PadillaCRT: Approachable Brands PR Case Study

 

padillacrt


What is an approachable brand? According to a recent blog post at PadillaCRT, an approachable brand is human, humble and humorous. This is the most refreshing take on presence I have seen among the big PR entities. Almost every communications firm pays lip service to social media and the Web.

Very few exhibit what anyone would consider a “cutting edge”, or even novel engagement of community. Whether this is a function of prioritizing, or simply practical business, how can any company claim to be in the branding business when they do not follow their own advice?

The Padilla Speer Beardsley site, its content, and to a lesser degree its design, convey at least an understanding of where communication is today. I quote from this particular blog entry, the fundamental human nature of self, social media utility and the resultant community, whether it be business centric or personal:

Social media goes beyond marketing and networking. It’s an opportunity to create or amplify an approachable brand. It’s all about opening up and letting people in. Show your personality (even your multiple personalities). Expose yourself and let go a little. That means you’re vulnerable. And with vulnerability comes mistakes. Those, in turn, become opportunities. What great personality isn’t flawed? The approachable brand has a personality that is human, able to show humility and has a sense of humor (even about its own hubris).

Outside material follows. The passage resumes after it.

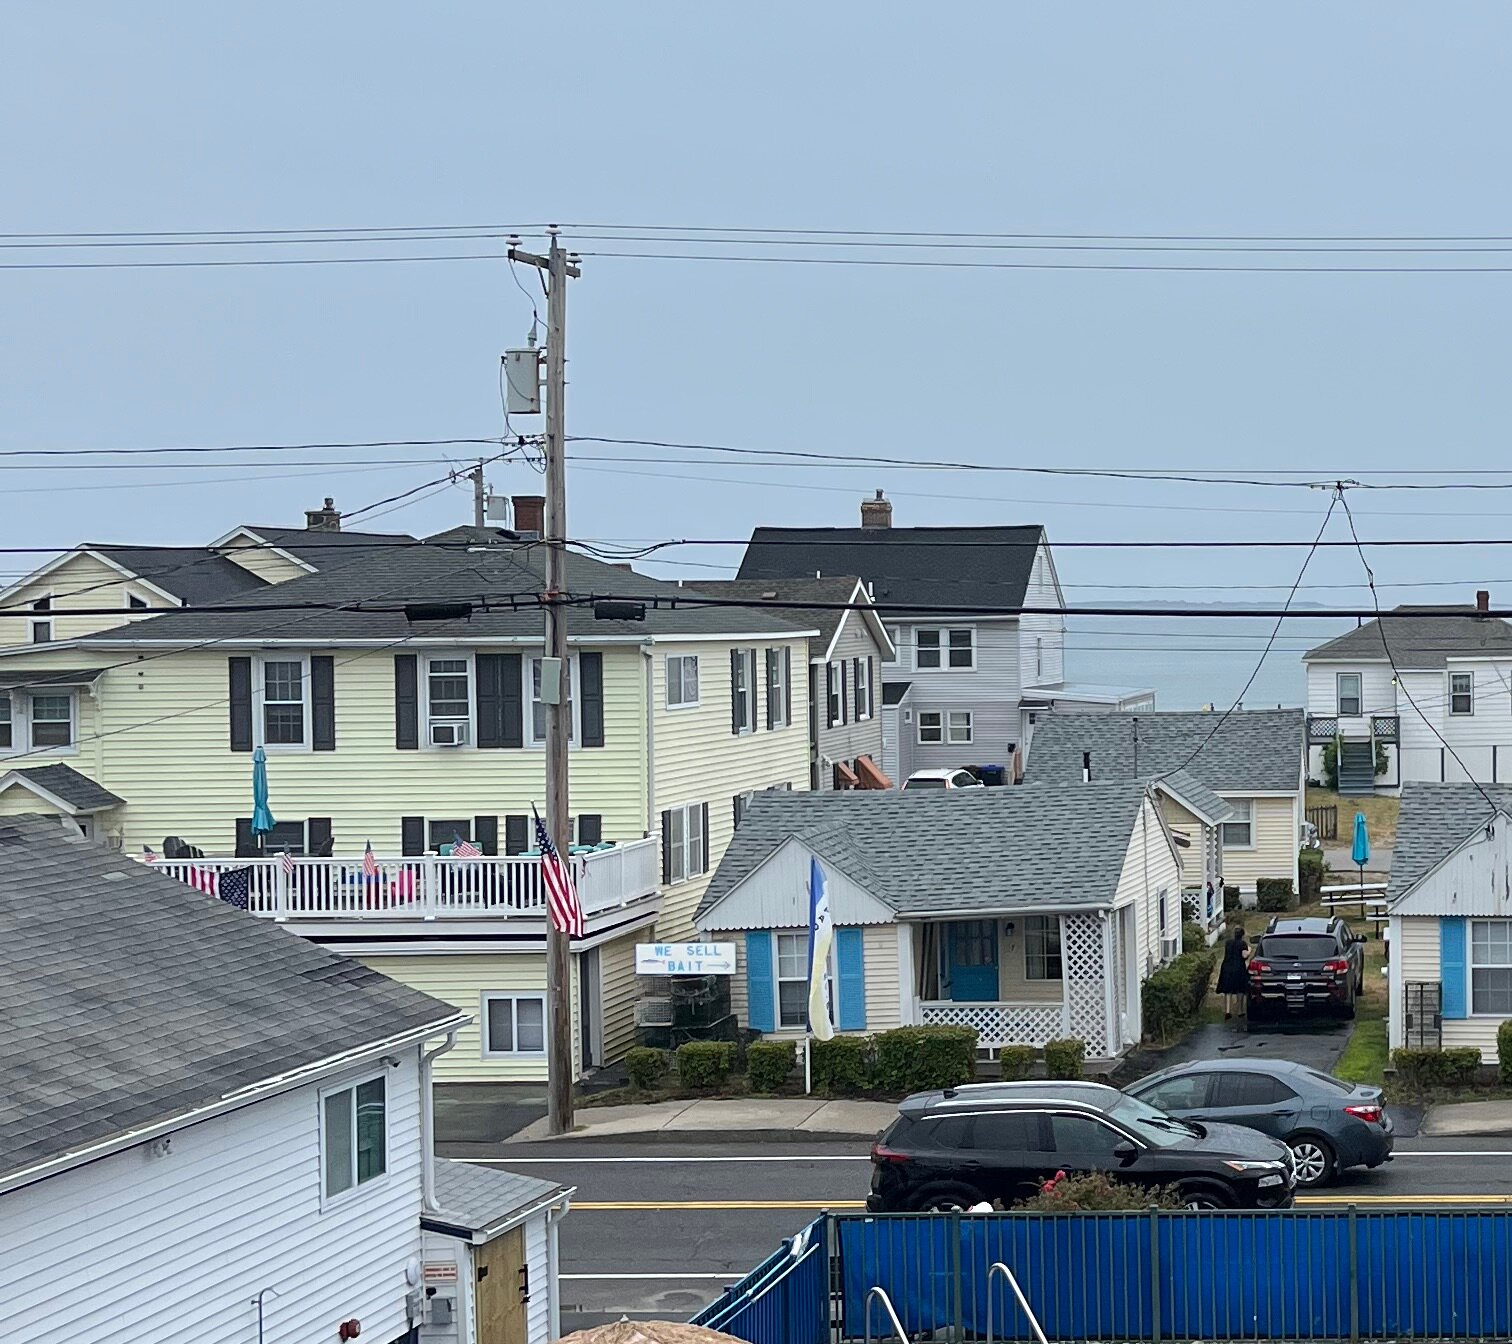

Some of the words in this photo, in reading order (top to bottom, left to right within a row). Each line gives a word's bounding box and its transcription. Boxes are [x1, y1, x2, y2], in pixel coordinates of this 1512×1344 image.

To be fair, the PadillaCRT website is far from cutting edge, and certainly not as refined as some others we have visited. But the simple message I quoted reveals a great deal about this company. They may not have invested vast resource for their site, but content wise, the right ideas are in place. The blog has comments too! I find this refreshing, as there were very few on other corporate blogs.

Padilla Speer Beardsley

Not pretty, but it gets the message out.

Judging from what I have seen, from CEO Lynn Casey’s profile image and description to their humorous “fun facts” page, the site reveals just what their philosophy says, humanness. Why does corporate always have to mean “stuffed shirt?” I bet this personable aspect if a reflection of the CEO and other executives. The company is after all, employee owned. I like this site, even though it could use a major face lift. As for the company, they appear imminently approachable, the way a brand should be.

Comments

  1. Bob Brin says

    I would just add that we completely agree the Padilla Web site needs a face lift. We hope http://www.PadillaGorilla.com (our interactive/social media section) shows, if not a “refined” face, that we’re on the scent of the new, untamed online communications.

  2. says

    Thanks for the thoughtful analysis of our site and blog, Phil. Next week I’m celebrating my 20-year anniversary at Padilla Speer Beardsley (I keep trying to get fired but nothing works). I can tell you firsthand that the content of the site is a real reflection of who we are and how we work. It’s a big reason why I’ve passed on many attractive opportunities elsewhere and resisted the urge to “move out to move up” as so many others in our field have. We don’t take ourselves too seriously, but we take what we do for clients very seriously. Not a bad way to run a business, I think.

    Looking forward to following your posts…

    • Phil Butler says

      Hi Matt, It was my pleasure actually. Not really very difficult to see who and what you guys are about. I actually hate criticizing all these sites, and am not sure who elected me to do it. I guess the 1500 startups and websites I have been associated with, made me a scrutineer of a version of correctness? We do PR as well, and much of our workl deals with branding, so it is a little bit discouraging to see companies with so many resources do a half way job. I can say this, I will remember your brand because it is unique and refreshing. Please come back and give us your take on things from time to time.